Under Canada’s Species at Risk Act, the stellar sea lion is currently protected as a “species of special concern,” and there isn’t currently a commercial harvest of seals and sea lions in B.C. This has been in place since 1970, after a DFO-mandated bounty contributed to the animal’s decline.
But since then, populations on the West Coast have increased dramatically. Sea lions have more than doubled to as many as 19,700 in coastal B.C. during the summer breeding season, and seals have stabilized to numbers comparable to what existed before the animals became a hot international commodity during the West Coast fur trade.
“In 2008 it was estimated that about 105,000 harbour seals inhabited coastal waters of B.C., compared with perhaps 10,000 when the first surveys were conducted in the early 1970s,” states a DFO document on the species. “The current population size appears to be similar to pre-exploitation levels that occurred in the 1880s, and recent increases can be attributed to the recovery of populations from over-harvesting.”
Some believe this has had effects on West Coast fisheries, as a harbour seal can eat up to five kilograms of fish in a day, while an 800 kilogram male sea lion consumes over 50 kilograms daily. Forwarded by Chief Dalton Silver of the Sumas First Nation in the Lower Mainland and seconded by Chief Councillor Greg Louie of Ahousaht, the recent AFN resolution cites a 2017 study published in the Canadian Journal of Fisheries and Aquatic Sciences that indicates “seals and sea lions in the Puget Sound area of the Salish Sea consume roughly nine times the amount of Chinook salmon that they consumed before 1970.” Another scientific study published last year indicates a seven-fold increase in the amount of chinook salmon being eaten by seals, sea lions and killer whales on North America’s west coast since the early 1970s.

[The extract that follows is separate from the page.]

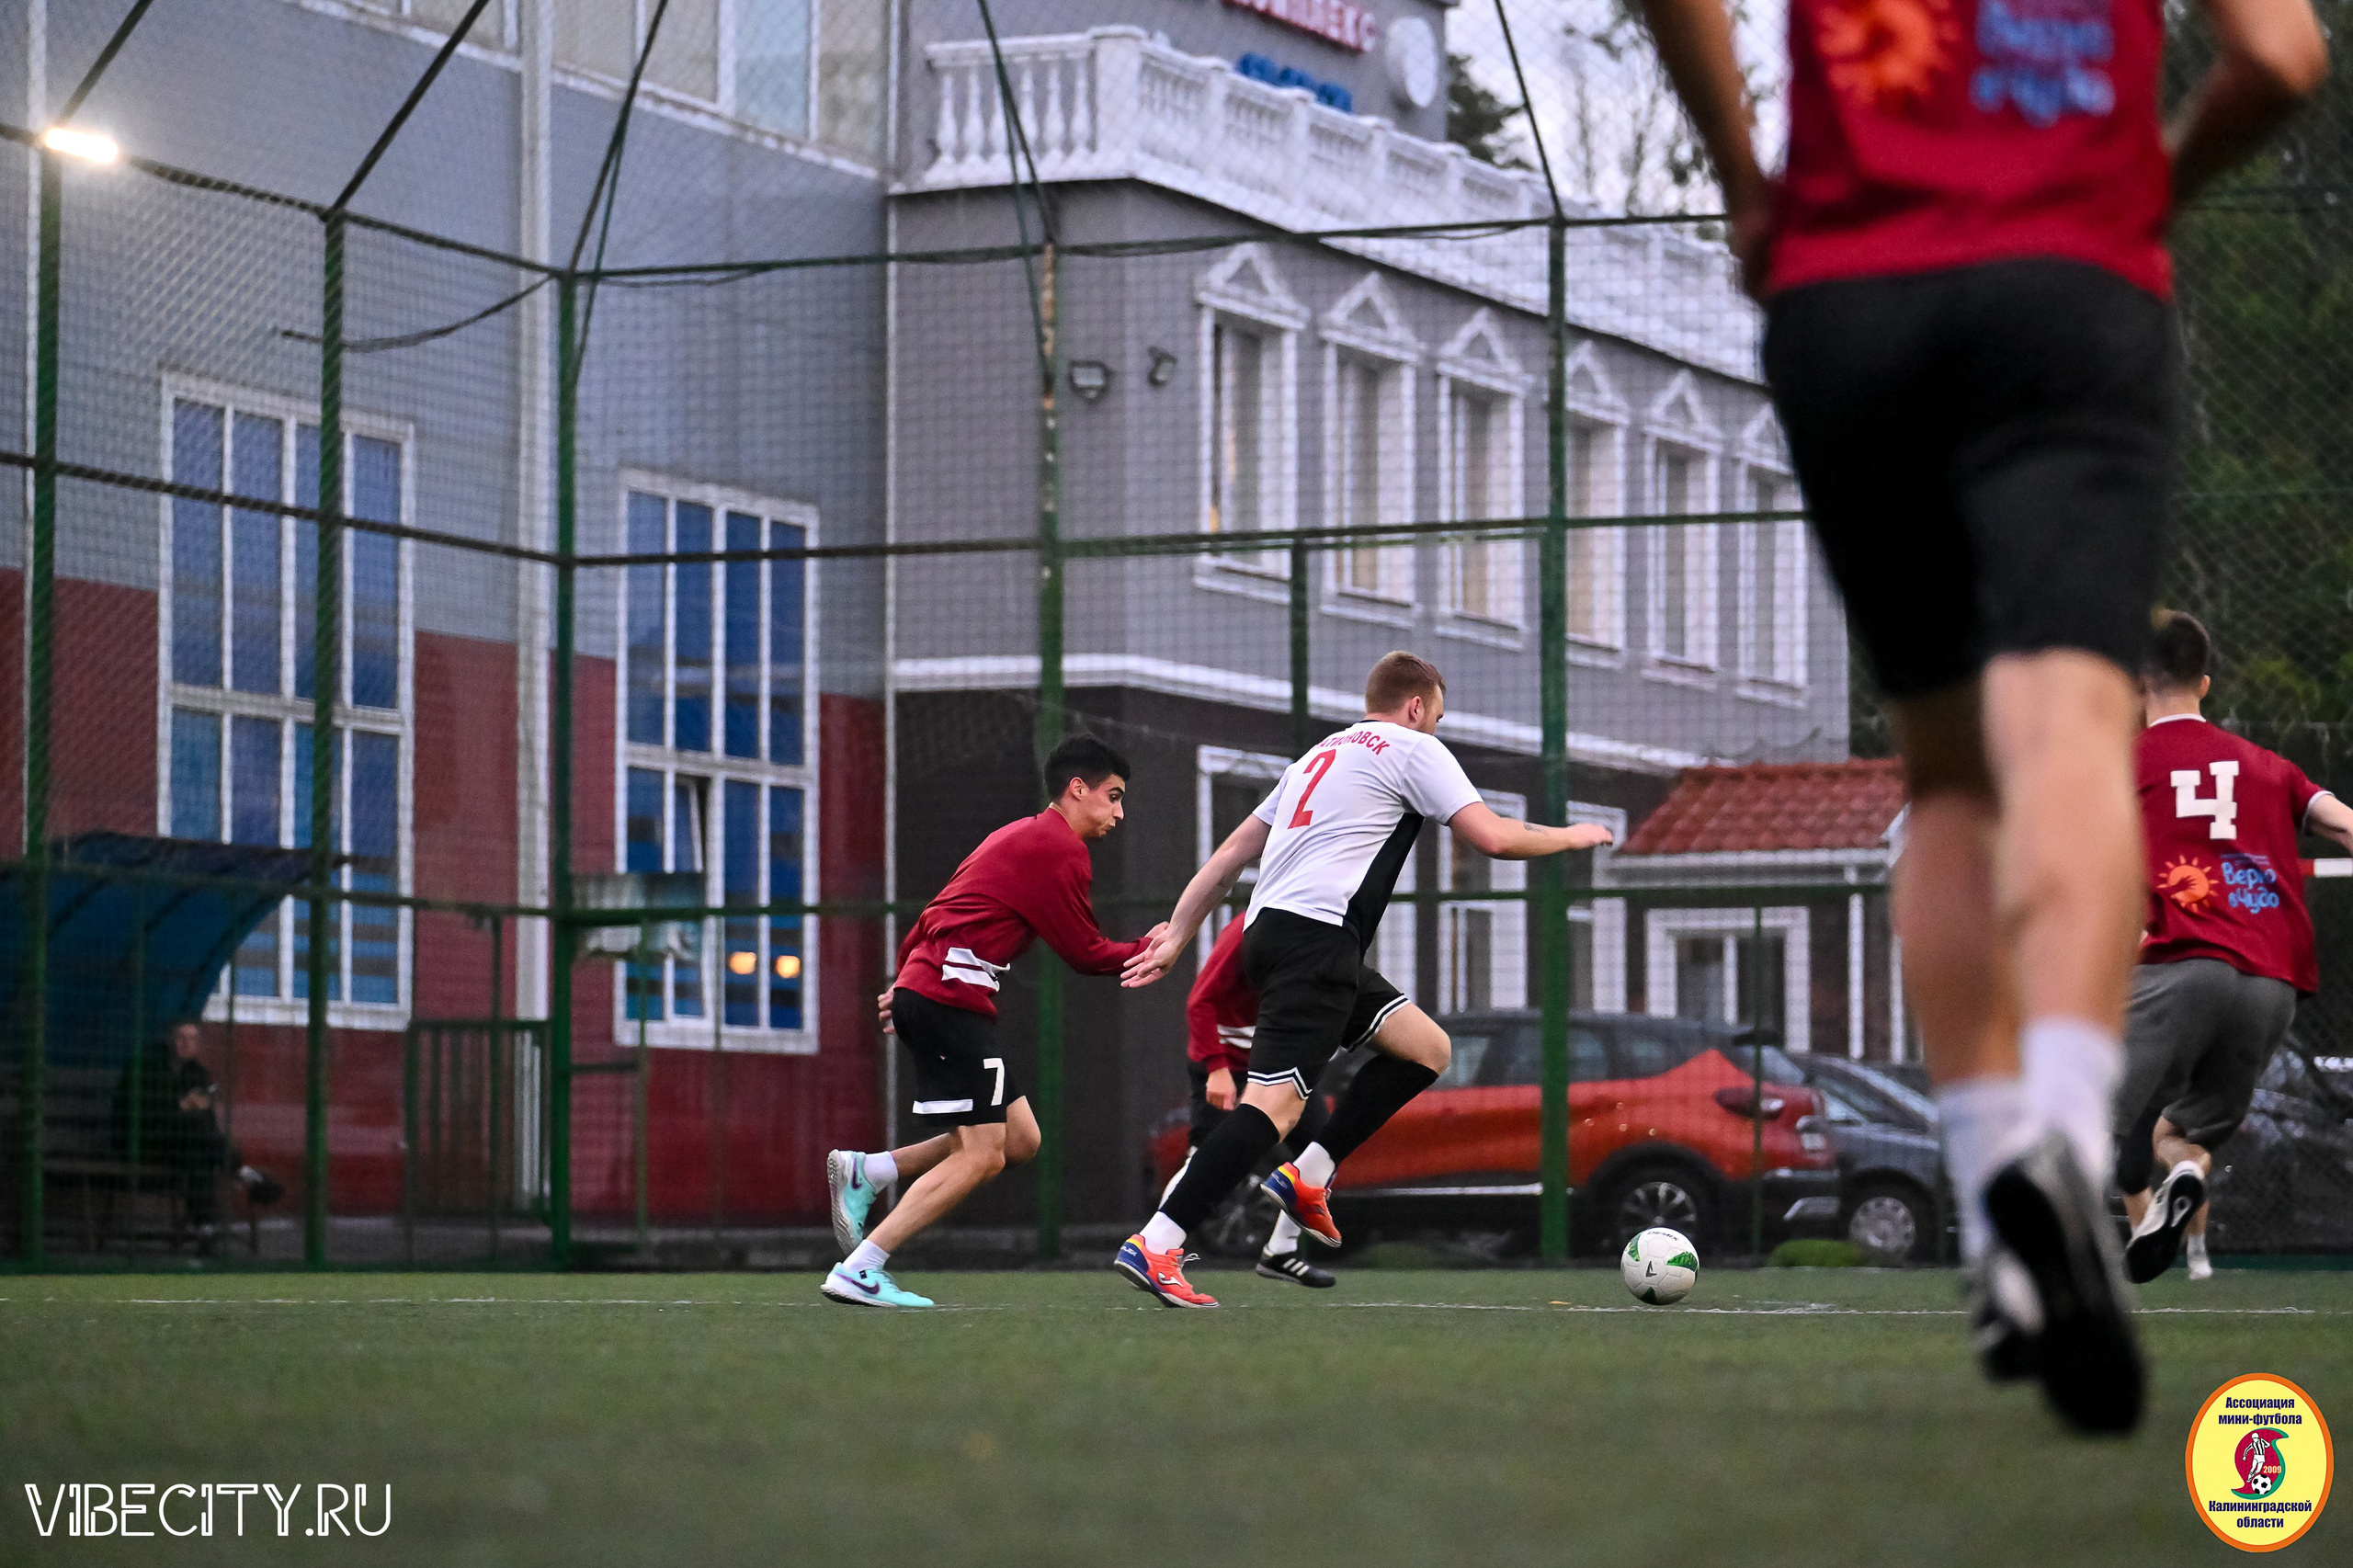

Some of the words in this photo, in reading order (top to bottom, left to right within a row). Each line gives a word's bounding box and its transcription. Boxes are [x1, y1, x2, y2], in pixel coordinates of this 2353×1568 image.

[1287, 748, 1336, 830] 2
[2170, 760, 2240, 840] 4
[983, 1057, 1006, 1107] 7

“This was all linked to population explosions of seals and sea lions since culling was stopped,” said Jonathan Moore, a professor in coastal and aquatic ecology at Simon Fraser University. “The commercial fishery harvest has gone down, but the marine mammal consumption has gone up.”
The AFN resolution suggests a different approach might be needed than the hunting ban on seals and sea lions in place for nearly 50 years. Traditional methods of population control show that First Nations employed different methods of managing the species, long before the fur trade intensified harvesting in the late 1800s.

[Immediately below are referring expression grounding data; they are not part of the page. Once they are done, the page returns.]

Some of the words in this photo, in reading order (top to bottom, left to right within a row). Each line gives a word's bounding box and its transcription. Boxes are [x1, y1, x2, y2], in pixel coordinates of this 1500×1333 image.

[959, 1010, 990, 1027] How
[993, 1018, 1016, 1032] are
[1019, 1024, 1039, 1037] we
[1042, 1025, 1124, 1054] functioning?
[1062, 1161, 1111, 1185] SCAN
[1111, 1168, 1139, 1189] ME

A study by Iain McKechnie and Rebecca Wigen examines thousands of years of archaeological evidence along the coast of B.C. and Washington State. They concluded that northern fur seals, harbour seals and stellar sea lions appear to be “the most heavily utilized pinnipeds on the south B.C, coast over the last 8,000 years.”
Titled Human Impacts on Seals, Sea Lions and Sea Otters, the study examined records from 58 sites throughout Nuu-chah-nulth territory, data that includes bone remains dating back 2,400 years.

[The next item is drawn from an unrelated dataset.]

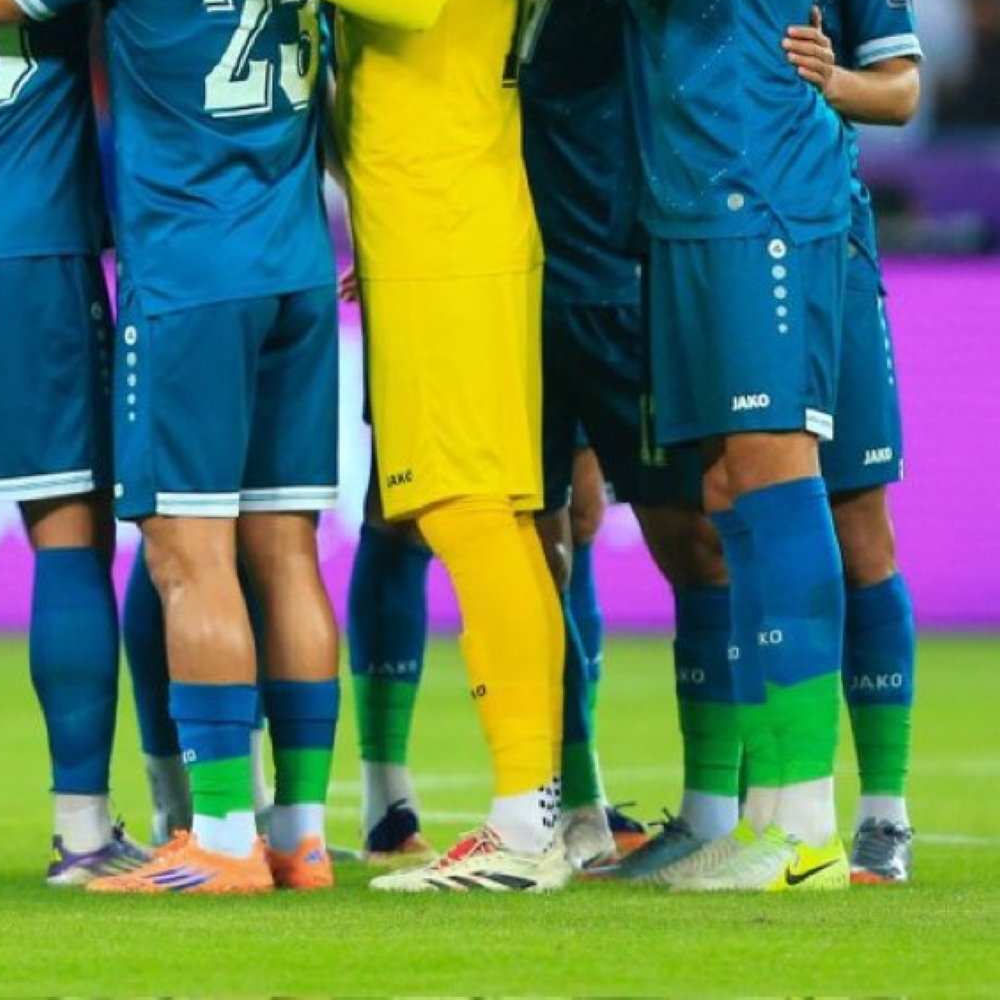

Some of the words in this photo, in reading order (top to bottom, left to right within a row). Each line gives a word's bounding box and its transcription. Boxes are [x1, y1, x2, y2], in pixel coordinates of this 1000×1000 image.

[732, 393, 771, 411] JAKO
[864, 447, 893, 466] JAKO
[758, 629, 783, 645] KO
[850, 672, 902, 691] JAKO

“Aboriginal people on the outer coast of Vancouver Island and Washington State developed a specialized hunting tradition targeting northern fur seals,” wrote McKechnie and Wigen in the piece.
Their study also noted “explicit cultural definitions of harvesting practice and etiquette including selective harvesting, seasonal restrictions on use and/or consumption and proprietorship over resources that was contingent on sustained productivity.”
By the late 1880’s, any concept of sustained productivity appears to have been overtaken by the international demand for the animals’ fur. European traders employed experienced First Nation seal and sea lion hunters as part of this industry, taking the sealing canoes aboard schooners for offshore hunting as far as the Bearing Sea.
In 1880 alone, 12,000 fur seals were harvested off Vancouver Island’s coast, cited McKechnie and Wigen’s study.
“Among the highest wages were those offered to Aboriginal hunters employed in the fur seal industry, who earned seasonal incomes well above European counterparts,” they wrote.
This industry continued until 1911, when the harvest was halted by a treaty between Canada, the United States, Russia and Japan.
More than a century later, ancient First Nation methods of controlling seals and sea lions might help to inform conservation efforts, said Moore.
“How did their harvest of seals and sea lions manage those populations, and what potential benefits might that have for salmon? I think that’s a critical question that people aren’t really thinking about enough,” he said. “I think there’s a lot of different examples of learning from the past to inform the future.”